Mayo ladies footballer Sarah Tierney in attendance for the announcement of the FRS Recruitment GAA World Games launch at Croke Park in Dublin. Photo by David Fitzgerald/Sportsfile.
By John Harrington
Re-joining the Mayo ladies football team this year has been a cathartic experience for Sarah Tierney.
Mayo captain back in 2018 when she and 11 other players departed the panel for what they said were player welfare issues, it was a course of action that cut her deeply.
She subsequently moved to Australia in 2019 because she’d fallen out of love with football in Ireland, but after suffering a cruciate ligament injury there in 2021 she made it her mission to return home when she was fully healed and don the Mayo jersey again.
That meant giving up a nice lifestyle in Sydney and a great job in a company that did visual effects for high profile films like The Batman (her name is on the credits), but such was her determination to represent her county again she felt it was a price worth paying.
“It would have been my biggest regret if I had never gone back playing with Mayo again,” says Tierney.
“My time with Mayo I have been really proud of it all and it was an honour to be captain of Mayo especially in 2017 when we got to that All Ireland final and there was a lot of hurt there after what happened in 2018 so I knew I always wanted to come back and give it another shot.
“There was a lot of hurt (in 2018). There was a lot of learning as well but look it is what it is now.
“I don’t have any grudges it’s nice now we’re all playing together we have have a great set of management there and the future is looking bright within Mayo ladies which is good.”
Tierney’s rehab from her cruciate ligament rupture was a lengthy one because there was scar-tissue that required clean-up operation.
So many footballers were sustaining cruciate ligament injuries in Australia that she didn’t want to start playing there again when she had completed her rehab, and instead came back to Ireland last summer where she met up with her former team-mate Fiona McHale to ‘sus out’ the current Mayo team set-up.
After getting positive feed-back, she spoke to Mayo manager Michael Boyles who gave her an S&C programme after she did some testing on her leg and she returned to Sydney for six months before finally making the move back to Ireland at the start of the year.
Sarah Tierney of Mayo in action against Niamh Carmody of Kerry during the 2023 Lidl Ladies National Football League Division 1 Round 2 match between Mayo and Kerry at the NUI Galway Connacht GAA Centre of Excellence in Bekan, Mayo.
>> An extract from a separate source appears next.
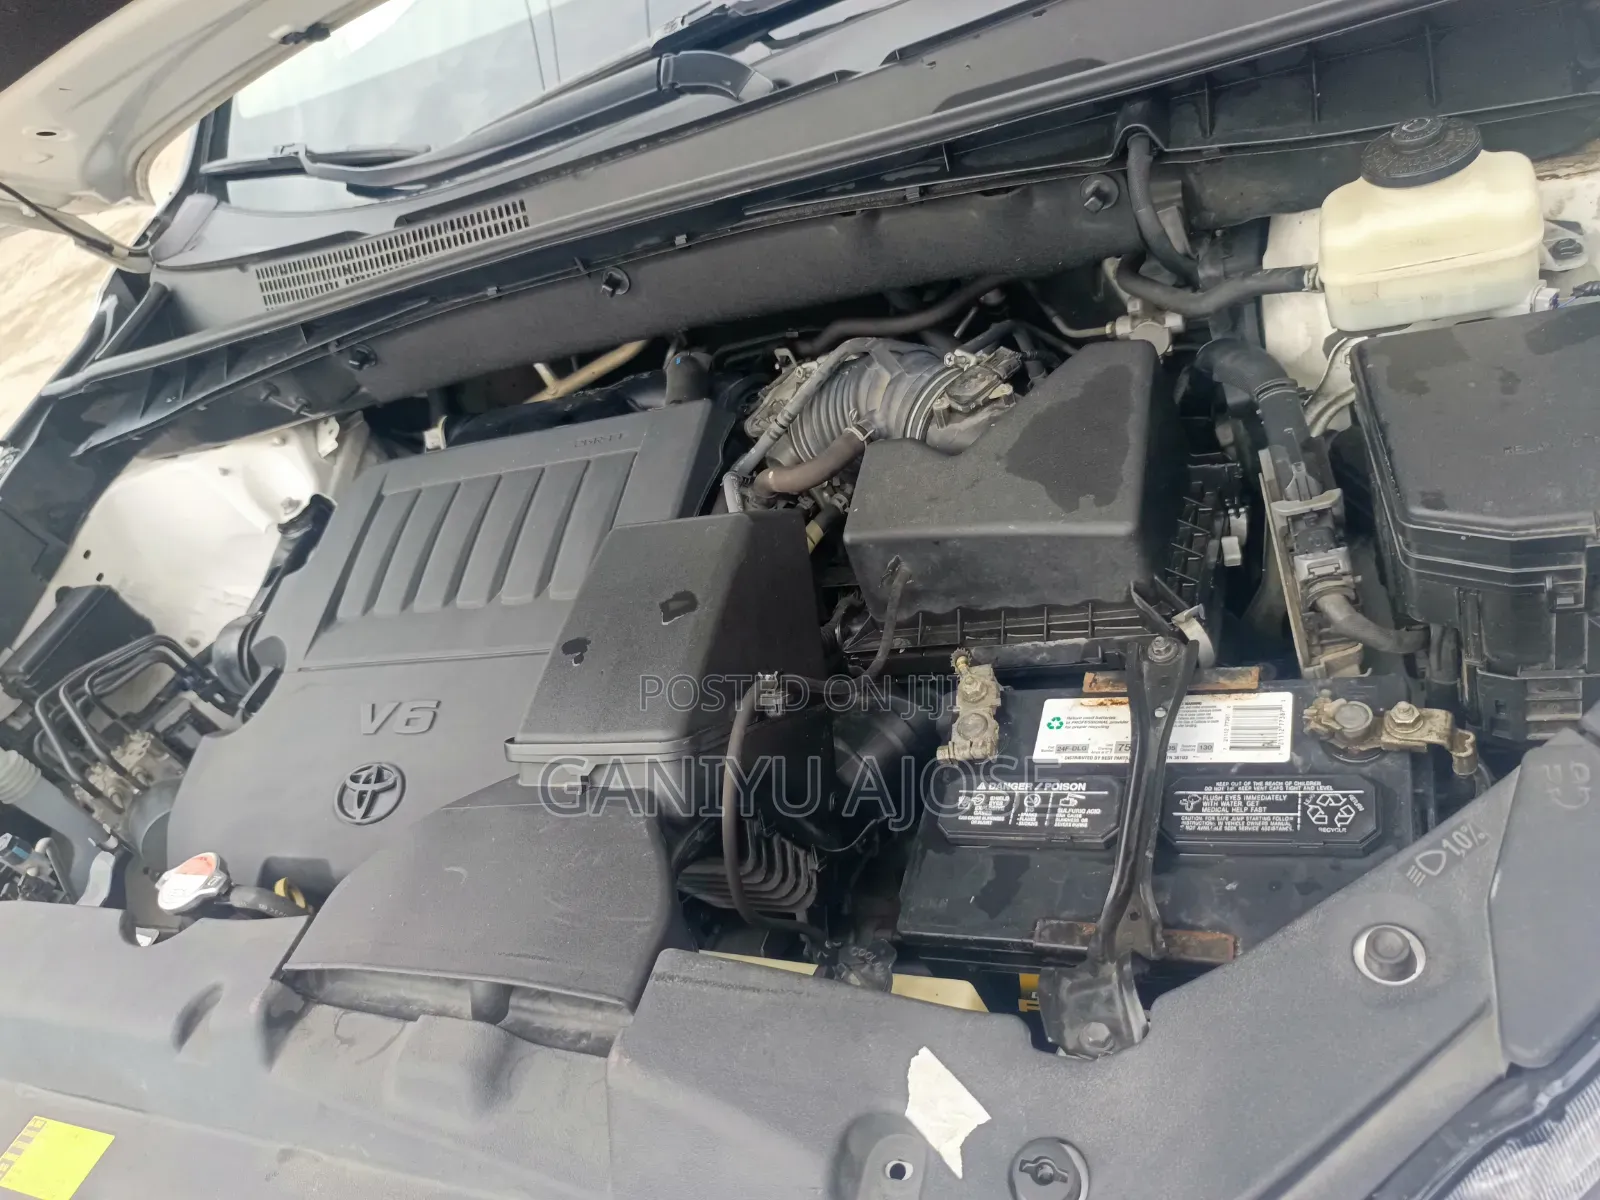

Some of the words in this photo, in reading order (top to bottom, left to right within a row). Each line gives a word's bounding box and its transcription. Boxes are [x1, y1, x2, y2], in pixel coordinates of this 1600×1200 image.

Photo by Piaras Ó Mídheach/Sportsfile
Having not played any football for two years and not played for Mayo for four years, it was always going to be a challenge to get back up to the pace required at the highest level, something Tierney admits she didn’t fully appreciate herself.
“Someone did warn me it has changed a lot since you came back,” she says. “I didn’t really think of that I thought I’d come back and hit the ground running.
“There’s a lot of learning, the younger girls are really pushing the standards as well which is great. Within our county there is so much competition for places which is brilliant and that’s what you want.
“I suppose I probably need to be patient as well having been away for four years and getting back to that standard and pace and even learning the game now there are a lot more tactics involved. During the week you are doing analysis which we wouldn’t have been doing that much of in 2017 and 2018 compared to what we are doing now.
“So far so good, really enjoying it, really enjoying the set up. I really missed the professionalism of playing county level.
“We are very lucky standards have really improved we are training down in the Centre of Excellence in Bekan.
“Training is such good quality, the game has changed quite a lot since I have been away you don’t really play your traditional six any more it is very much an attacking style and then very defensive as well so I’m still learning a lot and maybe struggling to get to the pace of it all but we are getting there.
“Things are looking good and the ladies championship is wide open at the moment and within the camp things are looking good.”
Mayo won just five of their seven games in the National Football League this year, but Tierney is optimistic they’re moving in the right direction and will be in the shake-up for championship silverware.
“I suppose it was up and down but within the camp itself we were always improving,” she says. “Problems we identified at the start we definitely fixed them up towards the end of the league, we had a lot of one point losses as well.
“We didn’t get to a League Final or anything but overall we were happy. I’d be more worried if we weren’t improving as it was going on so we are really looking forward to championship.
“I think it’s is wide open to be honest. Look at Armagh winning division two they have a super team there. Kerry had a great win in the league final, Galway are always there or thereabouts, ourselves, Cork, you can't rule out Dublin. Meath, obviously.
“There are so many teams there which is great and I think Meath have inspired teams as well coming from winning an intermediate and no one really rating them at senior and then they go and win an All-Ireland.
"It comes down to mentality. If you believe it, you can achieve it.”